Listings are limited, properties are selling rapidly, and demand remains strong.
However, experts are warning that the market will cool. From October 1, interest deductibility limitations apply to rental properties and holiday homes. Over the next four years, the ability to claim home loan interest payments as a business expense will be phased out for multiple property owners. In addition, interest rates are definitely rising. The major banks are starting to make moves even before the Reserve Bank raises the official cash rate.
These factors are helping to reduce the number of investors in the market – the cost of owning a rental has skyrocketed in recent years due to legislative changes. However, some of the higher costs will be offset by increasing rents. Although cost have gone up, the combination of rising rents and huge capital gains means that owning property has still been a winning strategy. And factors remain that keep buoying up prices, such as the rising cost of building, delays in construction and more people working from home.

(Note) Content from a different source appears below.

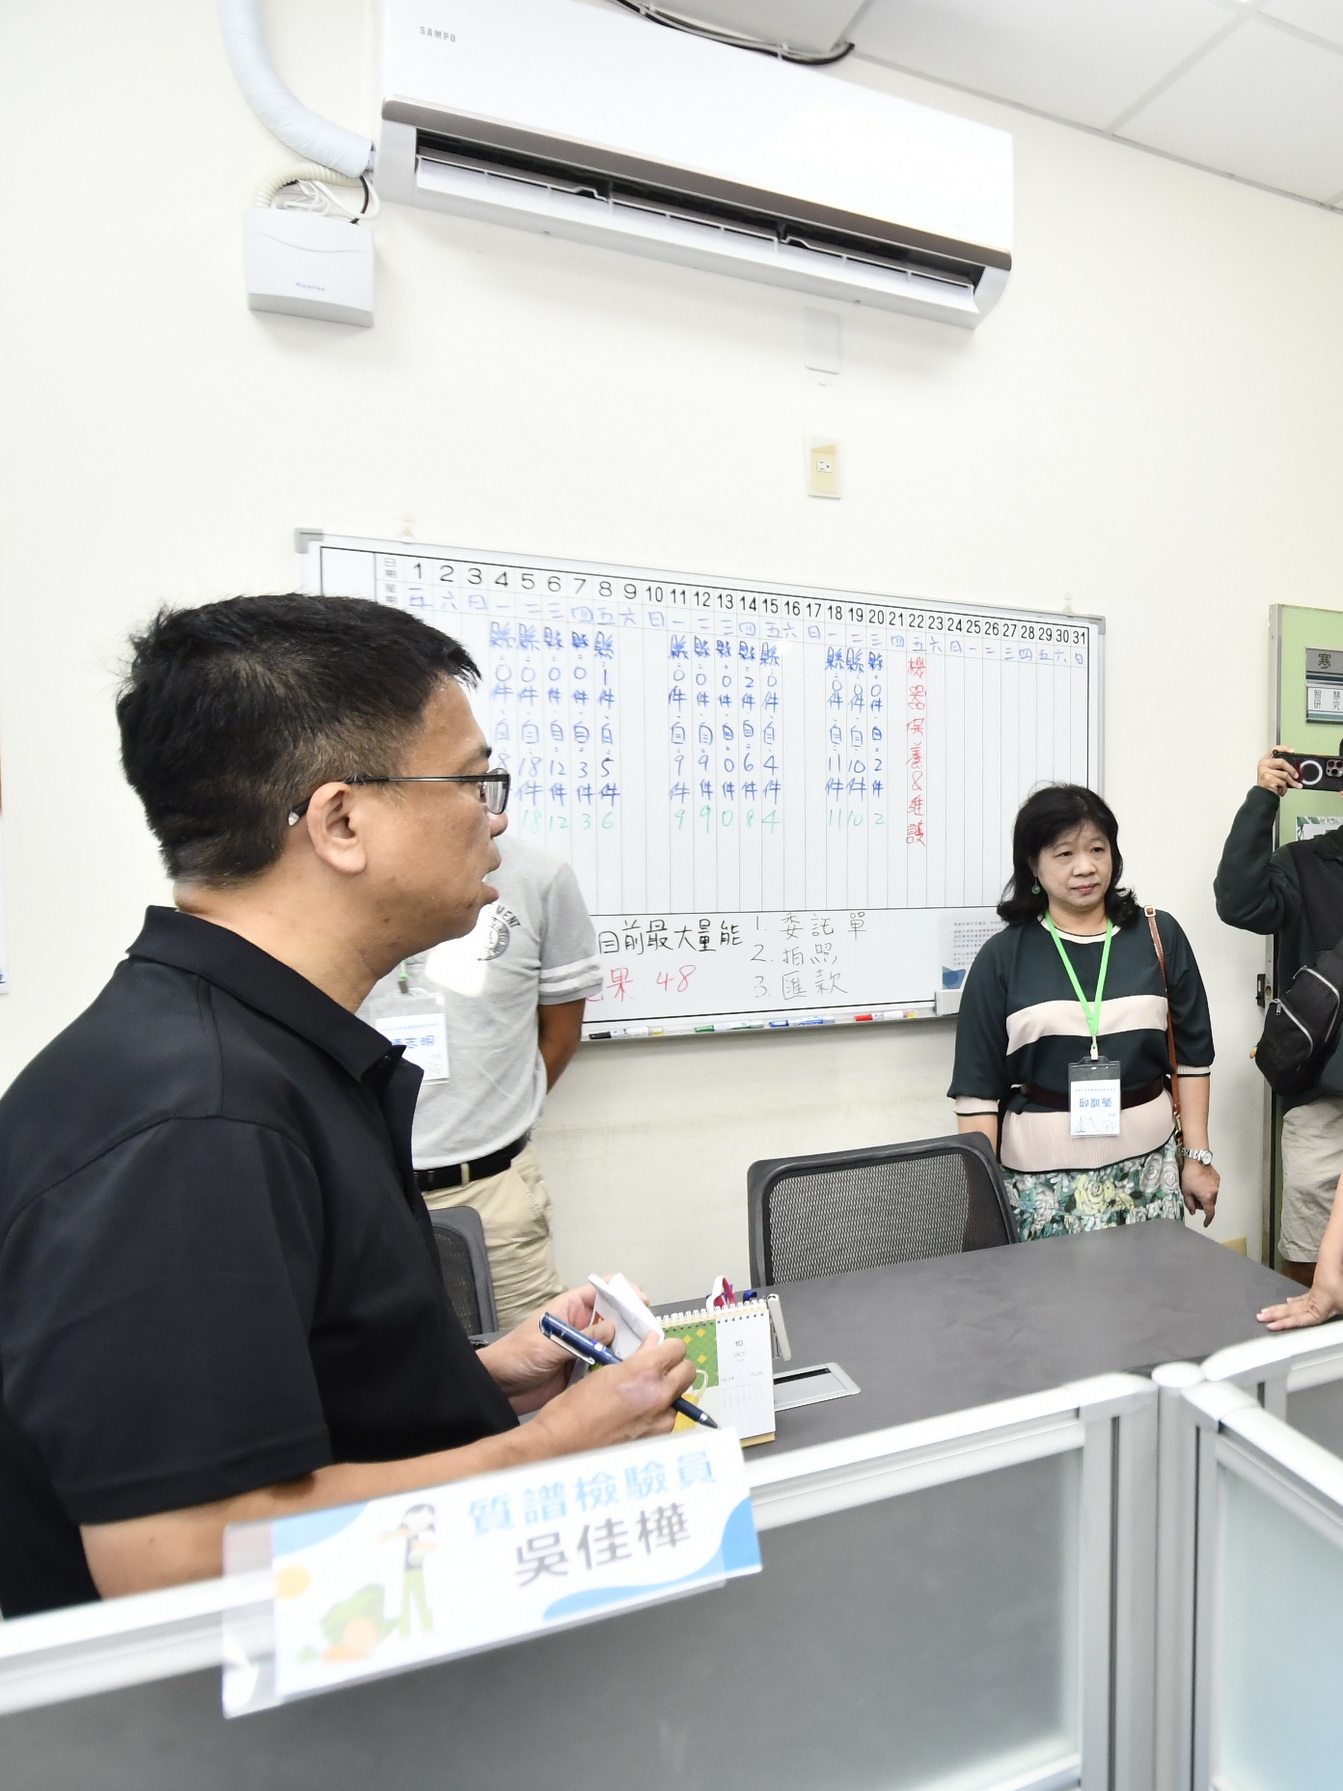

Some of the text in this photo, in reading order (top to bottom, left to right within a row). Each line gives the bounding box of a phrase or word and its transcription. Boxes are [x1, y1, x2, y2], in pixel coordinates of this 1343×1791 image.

It will be very interesting to see what happens once New Zealand reopens and the property market can return more or less to normal. Will we see a big summer selling season as usual? Or will rising interest rates be the handbrake that finally slows down the runaway prices? As economist Tony Alexander has pointed out, it’s probably for the best that prices do stop rising, otherwise the Government will continue to hit the market with more regulation until it cools off. Watch this space…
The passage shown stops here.